◆ Provided entries:
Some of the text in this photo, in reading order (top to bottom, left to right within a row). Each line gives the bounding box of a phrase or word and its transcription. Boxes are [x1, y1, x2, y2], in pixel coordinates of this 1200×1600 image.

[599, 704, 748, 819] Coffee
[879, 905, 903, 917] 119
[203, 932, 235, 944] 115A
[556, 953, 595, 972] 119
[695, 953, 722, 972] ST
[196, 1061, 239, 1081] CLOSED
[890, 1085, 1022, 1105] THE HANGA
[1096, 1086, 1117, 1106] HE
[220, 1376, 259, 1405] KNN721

◆ About this exercise:
Without leaving anything out, quote all the data.

◆ Answer below:
Some of the text in this photo, in reading order (top to bottom, left to right within a row). Each line gives the bounding box of a phrase or word and its transcription. Boxes are [x1, y1, x2, y2], in pixel coordinates of this 1200×1600 image.

[599, 704, 748, 819] Coffee
[879, 905, 903, 917] 119
[203, 932, 235, 944] 115A
[556, 953, 595, 972] 119
[695, 953, 722, 972] ST
[196, 1061, 239, 1081] CLOSED
[890, 1085, 1022, 1105] THE HANGA
[1096, 1086, 1117, 1106] HE
[220, 1376, 259, 1405] KNN721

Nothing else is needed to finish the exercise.